Data for review:
- - -

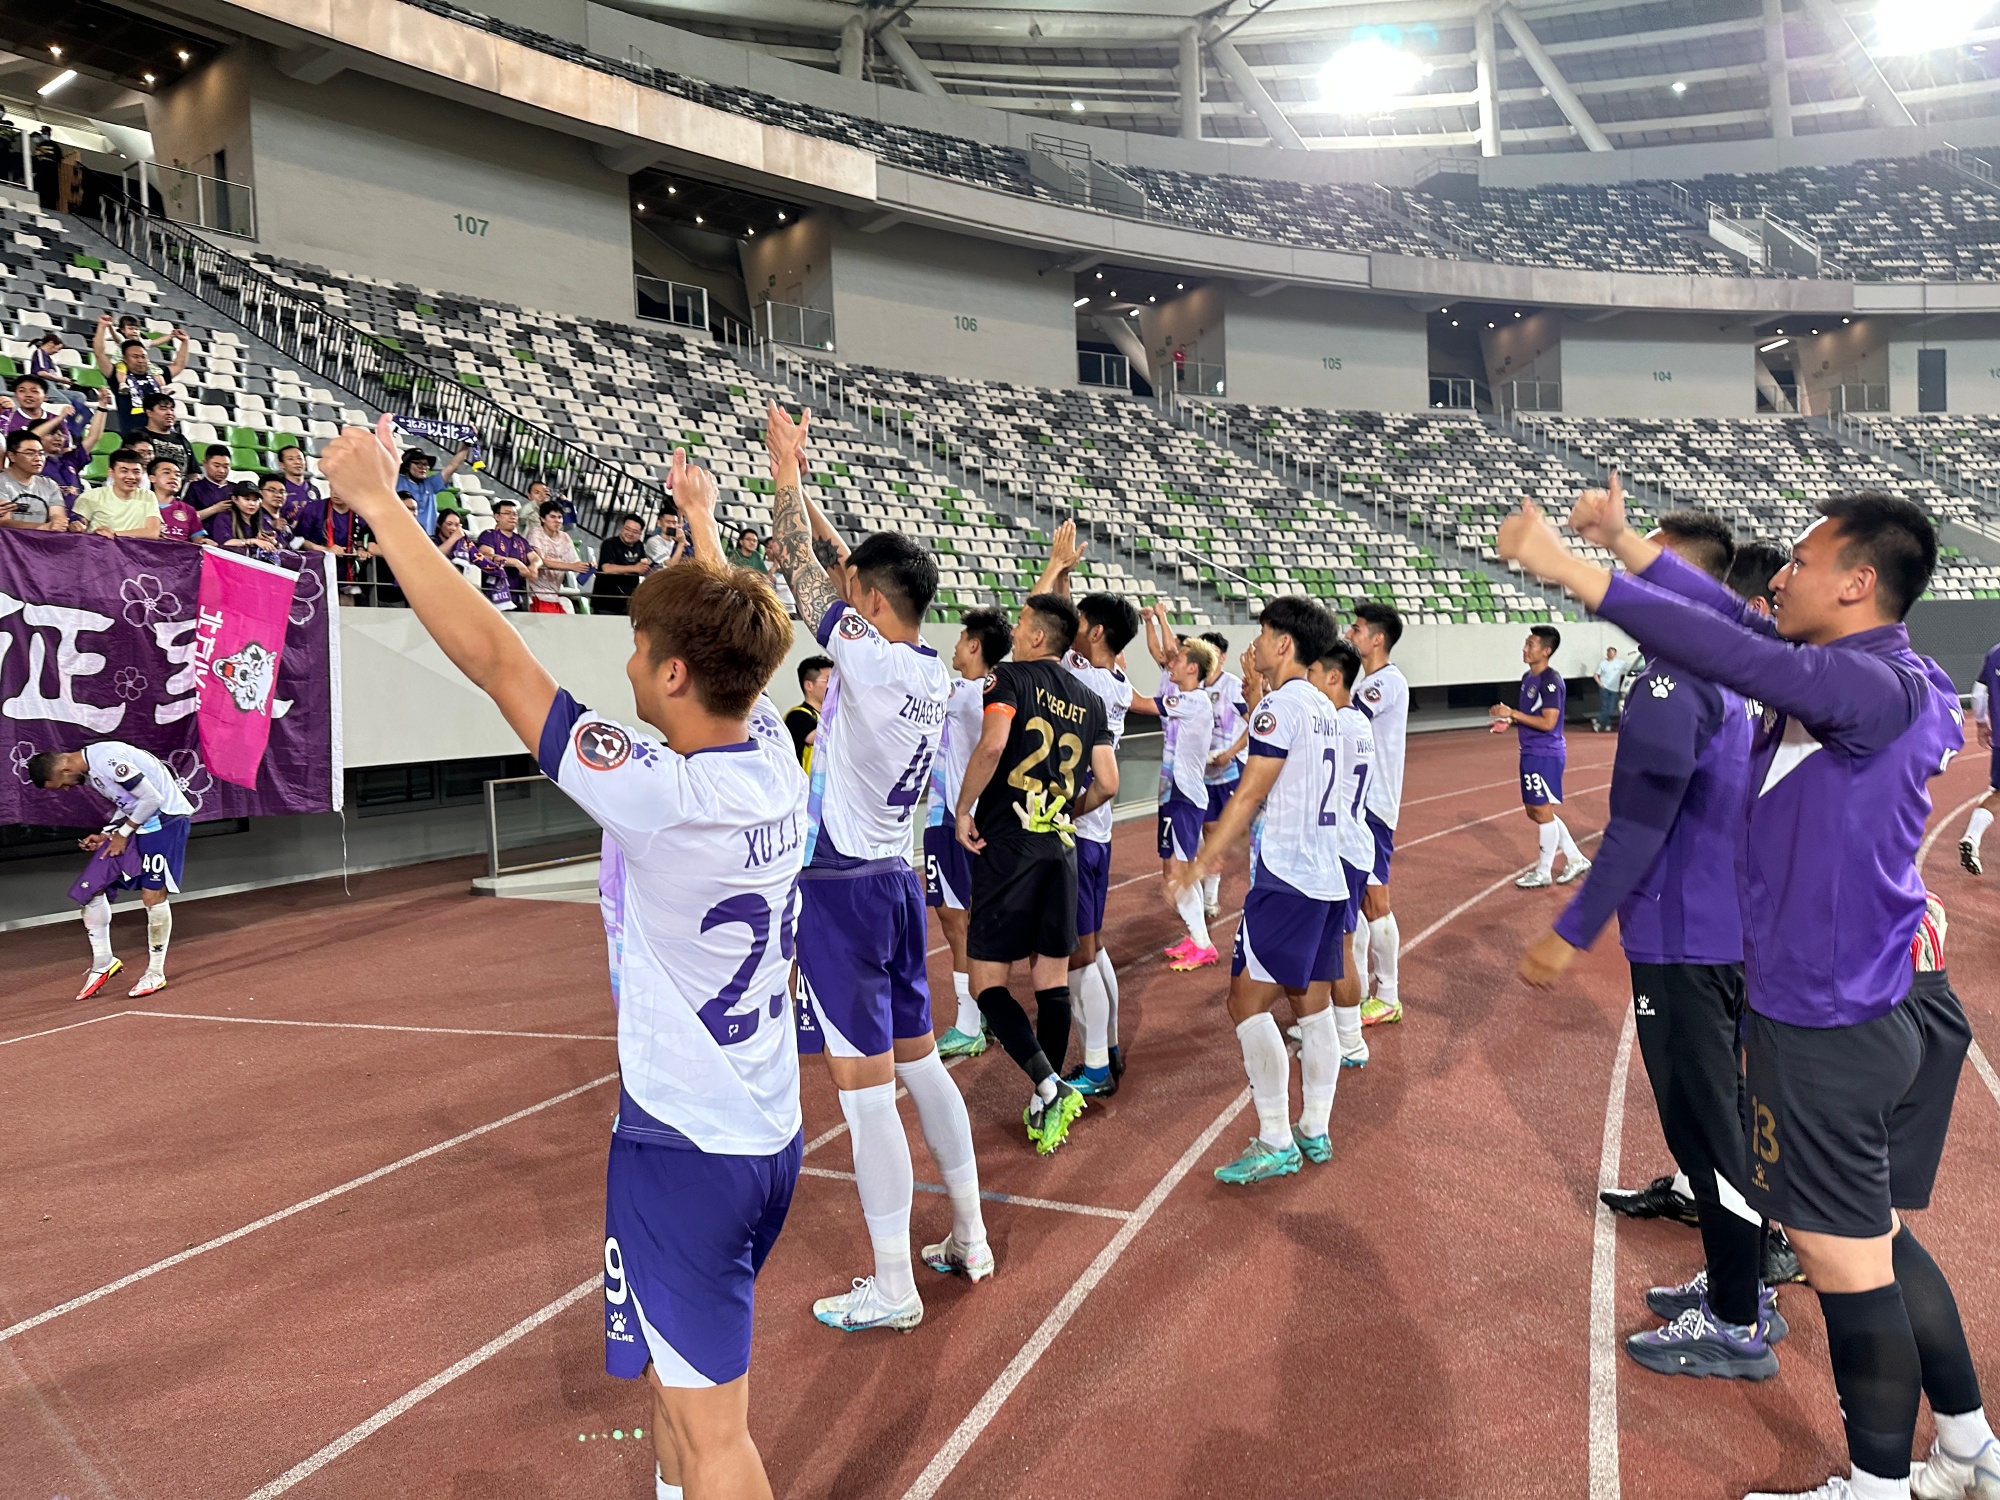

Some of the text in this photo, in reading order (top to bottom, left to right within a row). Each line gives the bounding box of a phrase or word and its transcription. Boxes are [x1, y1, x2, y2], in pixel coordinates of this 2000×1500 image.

[452, 213, 489, 237] 107
[954, 315, 978, 332] 106
[1322, 356, 1342, 370] 105
[1652, 371, 1672, 382] 104
[899, 694, 932, 725] ZHAO
[1007, 716, 1083, 800] 23
[886, 735, 932, 823] 4
[1318, 747, 1337, 827] 2
[1523, 773, 1542, 791] 33
[1162, 817, 1172, 838] 7
[744, 826, 772, 869] XU
[142, 853, 165, 874] 40
[926, 854, 938, 880] 5
[796, 965, 809, 1009] 4
[604, 1236, 628, 1306] 9
[606, 1330, 635, 1343] KELME

- - -

About this exercise: Copy out the material above exactly; the images stay out.

Response to this exercise:
Some of the text in this photo, in reading order (top to bottom, left to right within a row). Each line gives the bounding box of a phrase or word and its transcription. Boxes are [x1, y1, x2, y2], in pixel coordinates of this 2000×1500 image.

[452, 213, 489, 237] 107
[954, 315, 978, 332] 106
[1322, 356, 1342, 370] 105
[1652, 371, 1672, 382] 104
[899, 694, 932, 725] ZHAO
[1007, 716, 1083, 800] 23
[886, 735, 932, 823] 4
[1318, 747, 1337, 827] 2
[1523, 773, 1542, 791] 33
[1162, 817, 1172, 838] 7
[744, 826, 772, 869] XU
[142, 853, 165, 874] 40
[926, 854, 938, 880] 5
[796, 965, 809, 1009] 4
[604, 1236, 628, 1306] 9
[606, 1330, 635, 1343] KELME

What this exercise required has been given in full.